МАРОЧНЫЕ БЛОКИ НА ЗЕЛЕНОМ ПОЛЕ! – закричал гараж. – БОКАЛЫ ДЛЯ ВИНА! ГОЛОВОЛОМКИ! ШЕДЕВРЫ МИРОВОЙ ЖИВОПИСИ!
– Меньше трех часов, – заметил папа, мистер Фостер. – Совсем неплохо.
– Да, машин немного – ехать можно, – откликнулась мама, миссис Фостер.

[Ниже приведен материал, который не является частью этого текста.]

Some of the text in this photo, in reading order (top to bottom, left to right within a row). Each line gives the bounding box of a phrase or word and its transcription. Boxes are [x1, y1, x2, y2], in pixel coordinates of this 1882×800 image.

И оба, приятно улыбаясь, повернулись к Марии.
– Ты что-то притихла.
– Тебя не тошнит? Ничего?
Мария ответила, что ее не тошнит, ничего. Она смотрела, как отец вылез из машины и стал заливать в нее бензин. Рубашка на нем была новая выходная в красно-синюю полоску – это не ускользнуло от Марии. Обычно он не носил полосатых рубашек. С другой стороны к бензоколонке подъехала еще одна машина, переполненная хныкающими детьми, в основном малышами. Мальчик со скучающим лицом, ровесник наверное, раздраженно посмотрел на Марию. Из машины вышла женщина и прикрикнула:
– А ну-ка, заткнитесь.
Мария уставилась бензоколонке прямо в лицо. Она выглядела вполне доброжелательно, не считая ярко-оранжевой наклейки на лбу, предлагающей БОКАЛЫ ДЛЯ ВИНА.

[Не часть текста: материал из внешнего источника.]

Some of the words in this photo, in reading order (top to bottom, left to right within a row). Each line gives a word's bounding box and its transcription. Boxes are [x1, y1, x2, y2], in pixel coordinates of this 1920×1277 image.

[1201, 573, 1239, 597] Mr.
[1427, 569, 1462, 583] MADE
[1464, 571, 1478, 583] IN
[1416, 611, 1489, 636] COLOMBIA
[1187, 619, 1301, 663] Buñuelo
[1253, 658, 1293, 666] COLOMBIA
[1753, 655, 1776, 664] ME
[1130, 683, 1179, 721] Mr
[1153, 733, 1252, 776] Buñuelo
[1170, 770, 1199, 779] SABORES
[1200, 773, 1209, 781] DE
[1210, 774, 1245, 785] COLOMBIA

– Шумная компания, – сказала колонка. – В это время кто только не наезжает.
– Да, – согласилась Мария. – У вас сейчас, наверное, самая горячая пора.

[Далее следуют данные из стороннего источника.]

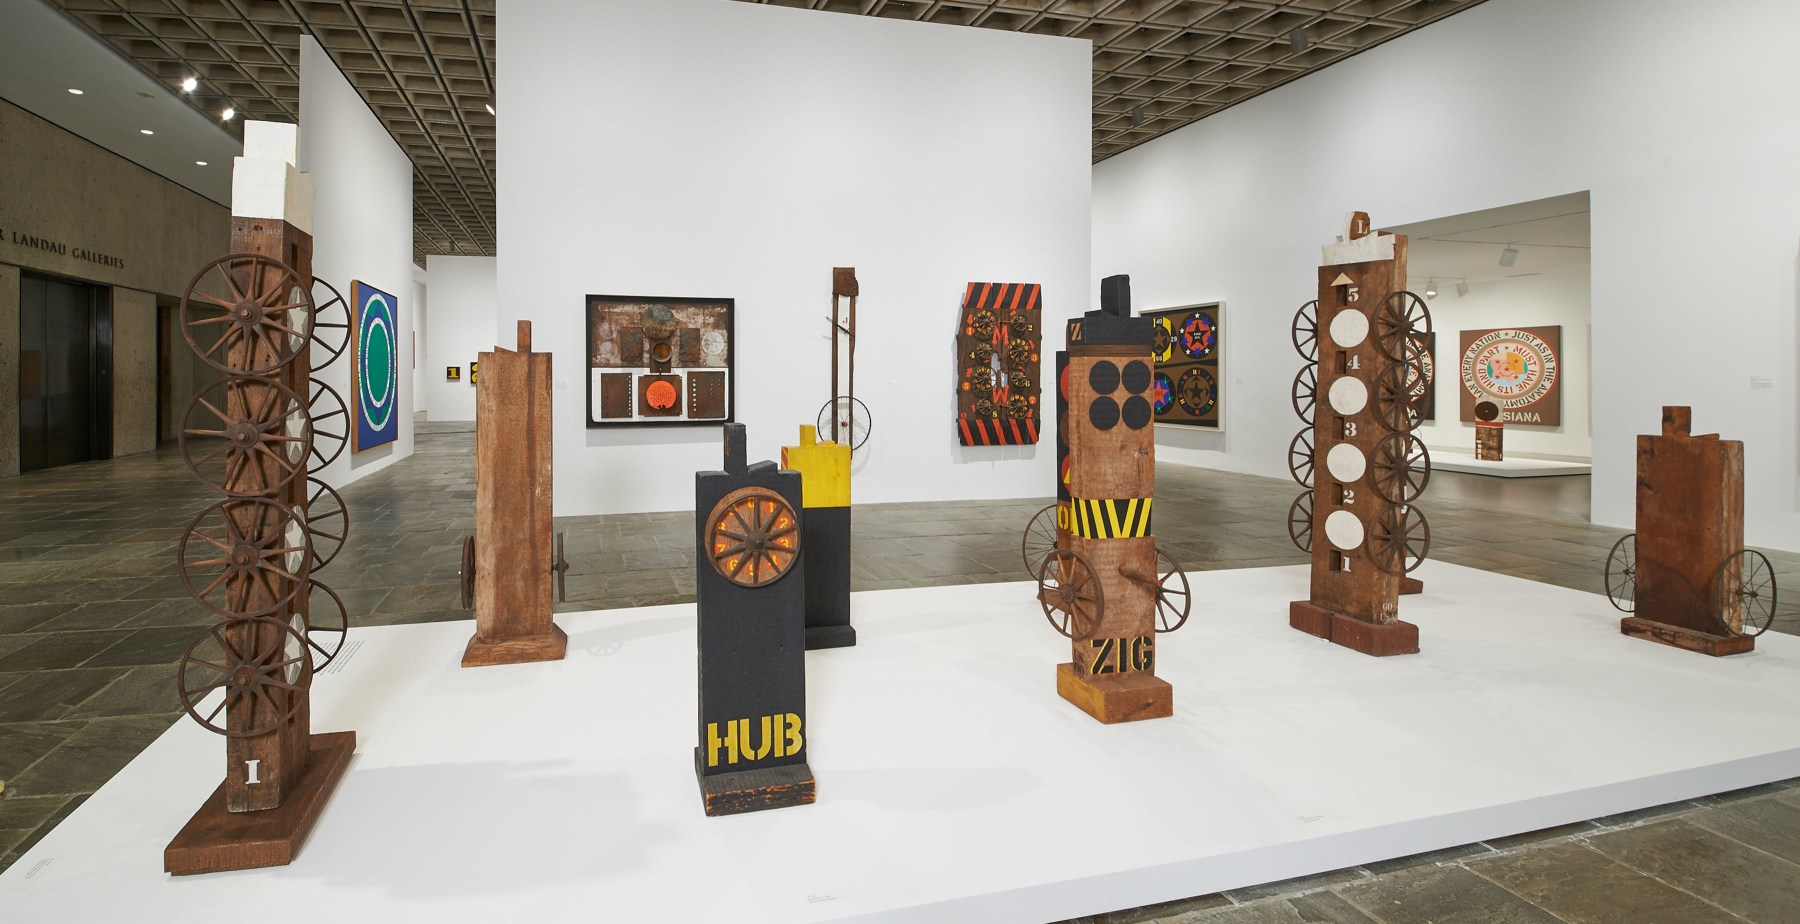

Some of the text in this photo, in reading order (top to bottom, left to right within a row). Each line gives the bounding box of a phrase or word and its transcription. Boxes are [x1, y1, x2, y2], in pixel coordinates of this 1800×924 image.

[13, 231, 67, 256] LANDAU
[72, 247, 125, 269] GALLERIES
[1348, 287, 1359, 302] 5
[991, 324, 1009, 345] M
[1468, 331, 1501, 355] NATION
[1512, 331, 1537, 343] JUST
[1534, 342, 1549, 354] AS
[1347, 355, 1360, 370] 4
[1544, 353, 1555, 363] IN
[448, 367, 459, 379] 1
[1462, 355, 1474, 382] EVERY
[1478, 345, 1538, 394] MUST HAVE ITS HIND PART
[1543, 366, 1555, 384] THE
[992, 385, 1009, 404] W
[1504, 383, 1548, 408] ANATOMY
[1503, 411, 1541, 423] SIANA
[1344, 422, 1357, 437] 3
[1343, 489, 1355, 504] 2
[1342, 556, 1351, 573] 1
[1382, 602, 1393, 611] GO
[1090, 635, 1153, 676] ZIG
[707, 712, 803, 768] HUB

– Совершенно справедливо, – отозвалась колонка. – Самая суматоха. Просто сбиваюсь с ног, понимаете.
В соседней машине малыши затеяли жаркий спор – кто кого толкнул, и колонка забурчала, отмечая следующий галлон[1]1
Галлон – мера жидких тел, англ, равна 4,54 л.
[Закрыть].
– Извините… от этого шума просто голова раскалывается. Лично я предпочитаю милых спокойных детей. Вы одна в семье, не так ли?
– Да, я единственная.
– К тому же очень милая, – продолжала колонка. – Хорошо ли доехали, осмелюсь спросить?
– Неплохо, – ответила Мария. – Машин немного – ехать можно.
– Знаете, где у вас будет самое движение? – оживилась колонка. – На побережье в субботу вечером. Одна за другой, одна за другой – вплотную. И так всю дорогу. Потрясающе. Вот это, я понимаю, движение.
– У нас в Лондоне тоже бывают отличные часы пик. На окраине, где мы живем.
– Правда? Страшные пробки, да?
Но Мария не успела ответить. Отец уже забрался в машину и завел мотор.
– Будьте здоровы! – крикнула колонка. – Приятно было познакомиться. Всех благ! Берегите себя! Не попадайте в истории.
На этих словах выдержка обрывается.